In diesem Verzeichnis sollen neben umfassenden biographischen Daten auch weitergehende Angaben zum Leben der Künstler und zu ihrer Arbeit aufbereitet werden. Aufgeführt werden sollen wichtige Werke, wenn nicht sogar Werkverzeichnisse, Listen mit Einzelausstellungen und Ausstellungsbeteiligungen. Womöglich werden die bedeutendsten Quellen nicht nur als Verweis einbezogen, sondern in Wort und Bild. Dazu zählen Artikel und Schriften über die Künstler wie auch von den Künstlern selbst verfasste Texte.- Einen kleinen Vorgeschmack auf das Ergebnis vermitteln die neuerdings elektronisch versandten Newsletter „KunstRaumKrefeld“, ediert von Birgit und Georg Opdenberg.

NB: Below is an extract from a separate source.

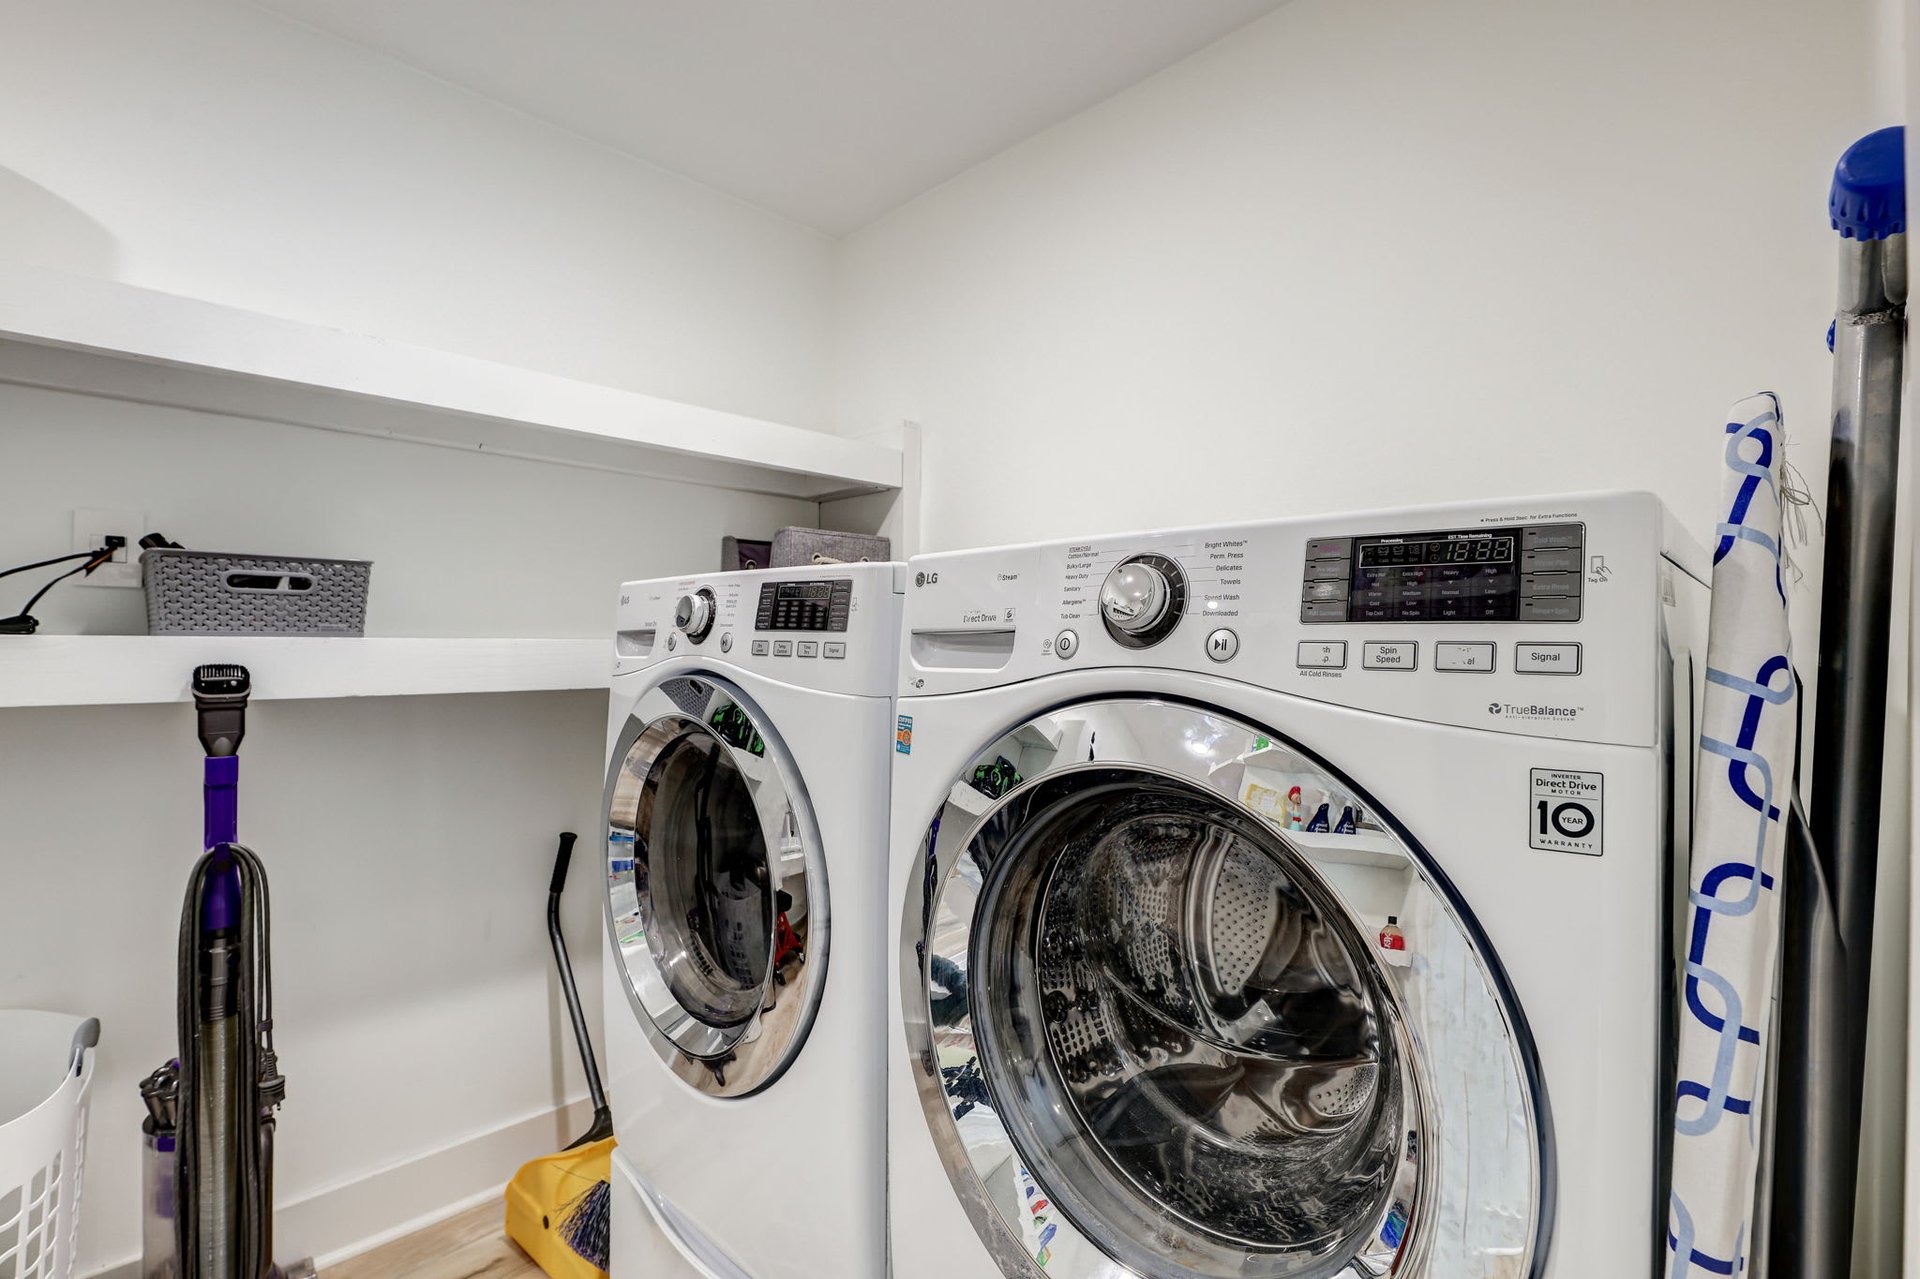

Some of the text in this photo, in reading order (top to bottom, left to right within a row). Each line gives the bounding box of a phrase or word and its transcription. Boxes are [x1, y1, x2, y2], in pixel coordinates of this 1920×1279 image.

Eine Aufnahme ins Verzeichnis beginnt mit den persönlichen Angaben von Künstlern, Erben und Sammlern in unsere einfachen Erhebungsformulare, die jeder Mitarbeiter dann in Excel-Dateien übertragen kann. Allerdings lassen sich derart differenzierte Datenmengen von mehreren hundert Künstlern, ergänzt durch Kontaktadressen und ein Literaturarchiv, nur durch ein professionelles Programm verwalten, das alle Informationen miteinander verknüpfen kann. Über Spenden konnte das Archivprogramm „Faust“ erworben werden, das heute auch viele Museen und Institute verwenden. Gespeicherte Informationen lassen sich daher unschwer und ohne Datenverlust austauschen, in erster Linie mit dem Krefelder Stadtarchiv. Die vervollständigten Daten sollen für wissenschaftliche Arbeiten von Instituten und Fachleuten verfügbar sein; das allgemein interessierende Material soll später nach einer kritischen Redaktion ins Internet gestellt werden.